Output the listing exactly as written, apart from its pictures.
Segment Start: DATA TO USE
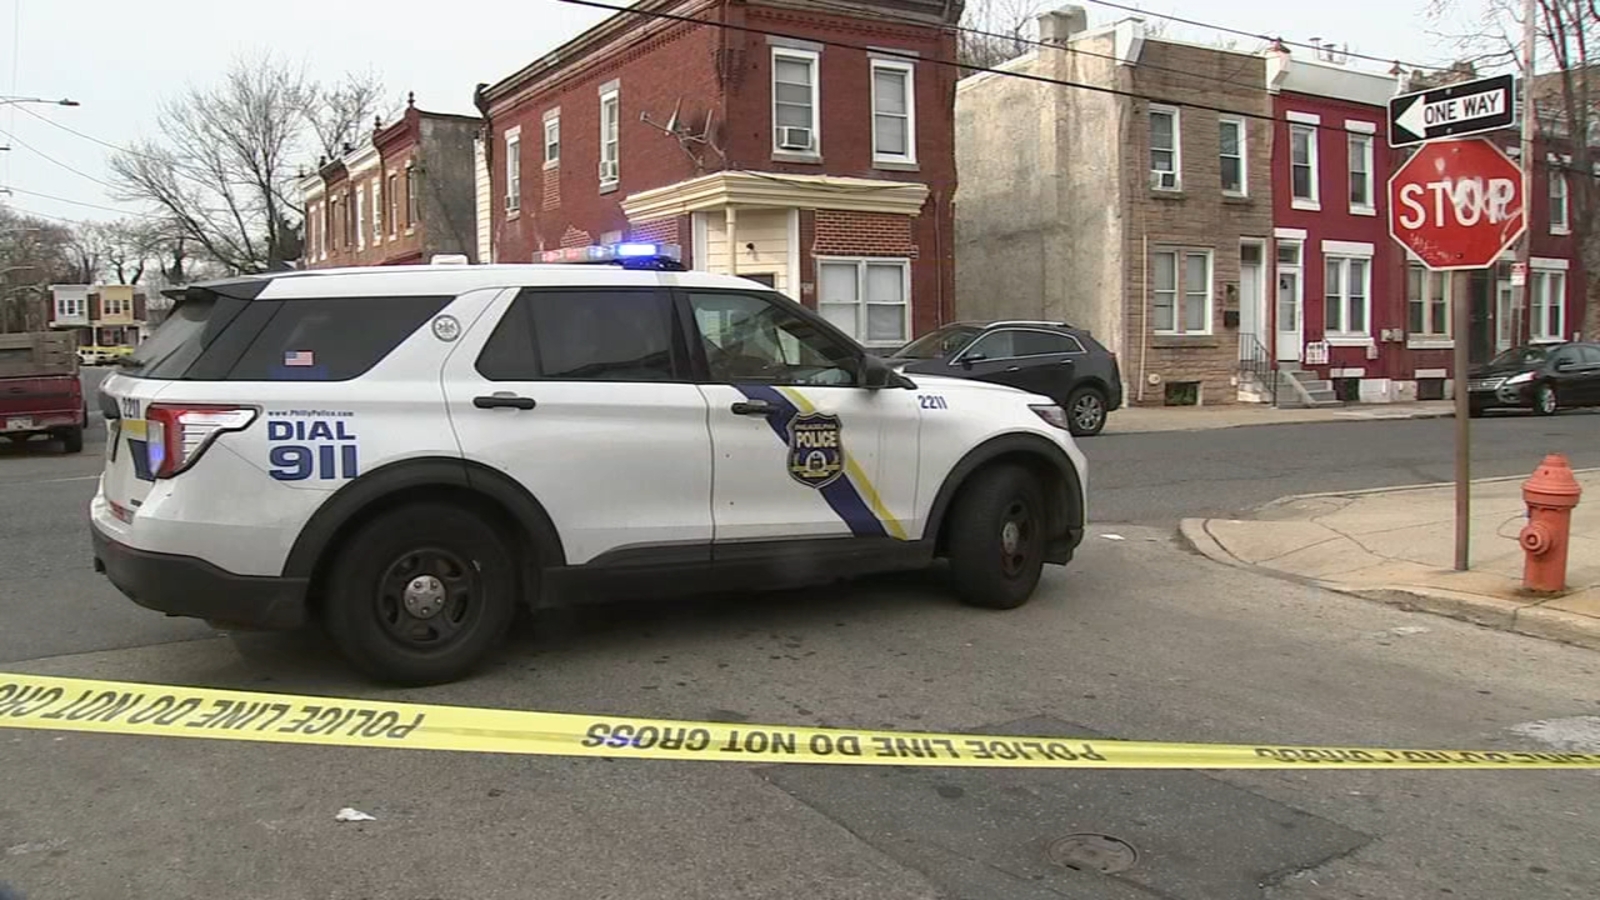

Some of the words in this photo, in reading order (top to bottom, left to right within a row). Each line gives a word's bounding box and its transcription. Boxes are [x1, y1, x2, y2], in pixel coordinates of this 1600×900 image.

[1424, 100, 1457, 125] ONE
[1463, 93, 1500, 117] WAY
[1399, 177, 1515, 230] STOP
[918, 395, 948, 409] 2211
[267, 421, 356, 440] DIAL
[795, 431, 838, 448] POLICE
[268, 444, 360, 481] 911
[43, 689, 143, 722] NOT
[127, 695, 204, 729] DO
[200, 699, 291, 730] LINE
[289, 705, 426, 739] POLICE
[580, 723, 710, 751] CROSS
[719, 730, 796, 755] NOT
[809, 734, 863, 757] DO
[872, 736, 961, 759] LINE
[965, 740, 1107, 762] POLICE
Segment End: DATA TO USE
RESULT OF THIS EXERCISE:
Some of the words in this photo, in reading order (top to bottom, left to right within a row). Each line gives a word's bounding box and its transcription. Boxes are [x1, y1, x2, y2], in pixel coordinates of this 1600×900 image.

[1424, 100, 1457, 125] ONE
[1463, 93, 1500, 117] WAY
[1399, 177, 1515, 230] STOP
[918, 395, 948, 409] 2211
[267, 421, 356, 440] DIAL
[795, 431, 838, 448] POLICE
[268, 444, 360, 481] 911
[43, 689, 143, 722] NOT
[127, 695, 204, 729] DO
[200, 699, 291, 730] LINE
[289, 705, 426, 739] POLICE
[580, 723, 710, 751] CROSS
[719, 730, 796, 755] NOT
[809, 734, 863, 757] DO
[872, 736, 961, 759] LINE
[965, 740, 1107, 762] POLICE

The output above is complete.